Unnamed: 0,make,address,all,3d,our,over,remove,internet,order,mail,...,;,(,[,!,$,#,length_average,length_longest,lenth_total,spam or not
0,0.0,0.64,0.64,0.0,0.32,0.0,0.0,0.0,0.0,0.0,...,0.0,0.0,0.0,0.778,0.0,0.0,3.756,61,278,1
1,0.21,0.28,0.5,0.0,0.14,0.28,0.21,0.07,0.0,0.94,...,0.0,0.132,0.0,0.372,0.18,0.048,5.114,101,1028,1
2,0.06,0.0,0.71,0.0,1.23,0.19,0.19,0.12,0.64,0.25,...,0.01,0.143,0.0,0.276,0.184,0.01,9.821,485,2259,1
3,0.0,0.0,0.0,0.0,0.63,0.0,0.31,0.63,0.31,0.63,...,0.0,0.137,0.0,0.137,0.0,0.0,3.537,40,191,1
4,0.0,0.0,0.0,0.0,0.63,0.0,0.31,0.63,0.31,0.63,...,0.0,0.135,0.0,0.135,0.0,0.0,3.537,40,191,1


In [105]:
# according to the documentation the first 48 columns are continuous real [0,100] attributes of type word_freq_WORD 
# so we only use first 48 columns amongs all rows 
# this 48 rows are the features 


# first argument denotes rows range, and second for the columns range
# here i select all the rows by providing nothing, and select 0 to 48 columns

features = data_frame.iloc[: , 0:48] 

> #### Read the Documentation from [here](https://archive.ics.uci.edu/ml/machine-learning-databases/spambase/spambase.DOCUMENTATION)

In [107]:
features.head()

Unnamed: 0,make,address,all,3d,our,over,remove,internet,order,mail,...,pm,direct,cs,meeting,original,project,re,edu,table,conference
0,0.0,0.64,0.64,0.0,0.32,0.0,0.0,0.0,0.0,0.0,...,0.0,0.0,0.0,0.0,0.0,0.0,0.0,0.0,0.0,0.0
1,0.21,0.28,0.5,0.0,0.14,0.28,0.21,0.07,0.0,0.94,...,0.0,0.0,0.0,0.0,0.0,0.0,0.0,0.0,0.0,0.0
2,0.06,0.0,0.71,0.0,1.23,0.19,0.19,0.12,0.64,0.25,...,0.0,0.06,0.0,0.0,0.12,0.0,0.06,0.06,0.0,0.0
3,0.0,0.0,0.0,0.0,0.63,0.0,0.31,0.63,0.31,0.63,...,0.0,0.0,0.0,0.0,0.0,0.0,0.0,0.0,0.0,0.0
4,0.0,0.0,0.0,0.0,0.63,0.0,0.31,0.63,0.31,0.63,...,0.0,0.0,0.0,0.0,0.0,0.0,0.0,0.0,0.0,0.0


In [108]:
# according to the documentation the last columns is for the label contains whether a email spam or not
# represent as binary format, 0 denotes 'not spam', 1 denotes 'spam'

labels = data_frame.iloc[:, -1] # selecting only the last column among all the rows

In [116]:
labels.head()

0    1
1    1
2    1
3    1
4    1
Name: spam or not, dtype: int64

In [117]:
labels.tail()

4596    0
4597    0
4598    0
4599    0
4600    0
Name: spam or not, dtype: int64

In [233]:
split_size = .33 # means 33% test data and 67% will be train data

features_train, features_test, labels_train, labels_test = train_test_split(features, labels, test_size = split_size, random_state=17)

In [234]:
print ("Number of trainning data : ", len(features_train))
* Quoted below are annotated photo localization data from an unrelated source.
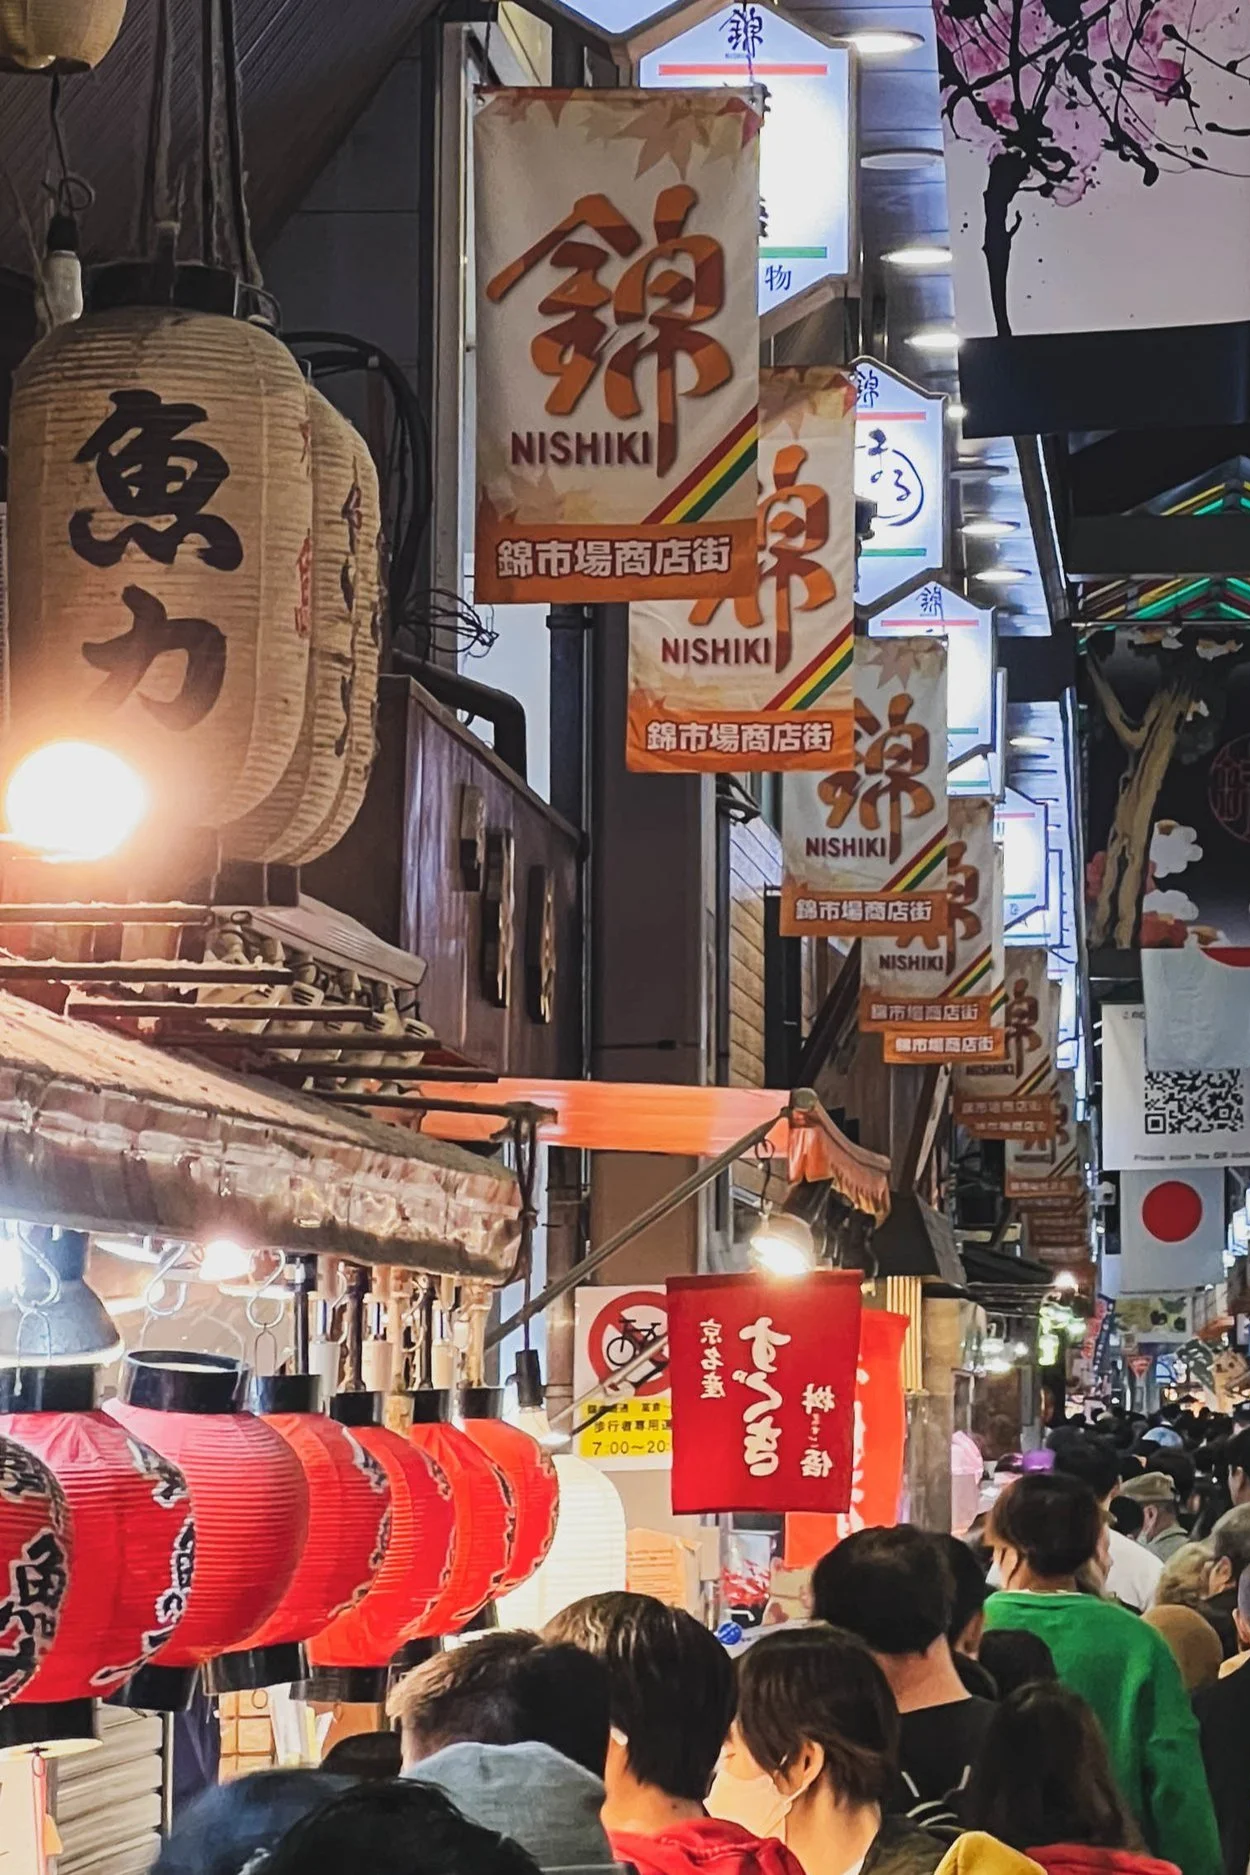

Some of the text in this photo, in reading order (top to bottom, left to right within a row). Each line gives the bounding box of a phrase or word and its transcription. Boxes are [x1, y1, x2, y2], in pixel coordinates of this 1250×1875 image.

[719, 7, 763, 58] 錦
[487, 184, 733, 477] 錦
[511, 431, 651, 466] NISHIKI
[68, 389, 244, 731] 魚力
[497, 536, 731, 578] 錦市場商店街
[662, 638, 771, 665] NISHIKI
[646, 721, 833, 754] 錦市場商店街
[806, 837, 887, 857] NISHIKI
[796, 898, 932, 922] 錦市場商店街
[879, 955, 943, 971] NISHIKI
print("Percentage of training data: ",len(features_train) * 100 / len(features), "%")

print ("Number of trainning data : ", len(labels_test))

print("Percentage of training data: ",len(labels_test) * 100 / len(features),"%")

Number of trainning data :  3082
Percentage of training data:  66.98543794827212 %
Number of trainning data :  1519
Percentage of training data:  33.014562051727886 %


## Multinomial Naive bayes Classifier

In [235]:
mlnNB = MultinomialNB()

mlnNB.fit(features_train ,labels_train)

pred_on_test_data = mlnNB.predict(features_test)

acc_score = accuracy_score(pred_on_test_data, labels_test)

print ("Accuracy score in percentage : " , acc_score, "%")


Accuracy score in percentage :  0.8736010533245556 %


### Quite good accuracy ! But it needs to improve

>  split_size = .10

In [236]:
# firstly trying to change the split size into 10, so lets see what happens

split_size = .10 # means 33% test data and 67% will be train data

features_train, features_test, labels_train, labels_test = train_test_split(features, labels, test_size = split_size, random_state=17)

mlnNB.fit(features_train ,labels_train)

pred_on_test_data = mlnNB.predict(features_test)

mln_pred = pred_on_test_data # 'mln_pred' will be use letter for performance measure

acc_score = accuracy_score(pred_on_test_data, labels_test)

print ("Accuracy score in percentage : " , acc_score, "%")

print (len(labels_test))

Accuracy score in percentage :  0.89587852494577 %
461


### Great result! Lets try another classifier:

## Bernoulli Naive Bayes Classifier

In [242]:
# Now lets try with another classifier which is Bernoulli Naive Bayes

bnlNB = BernoulliNB(alpha = 1.0) # alpha '1' means smooth '0' means no smoothing

bnlNB.fit(features_train, labels_train)

pred_from_test_data = bnlNB.predict(features_test)

bln_pred = pred_from_test_data # 'bln_pred' will be use letter for performance measure

score = accuracy_score(pred_from_test_data, labels_test)


In [243]:
print ("Accuracy score in Bernoulli Classifier : ", score, "%")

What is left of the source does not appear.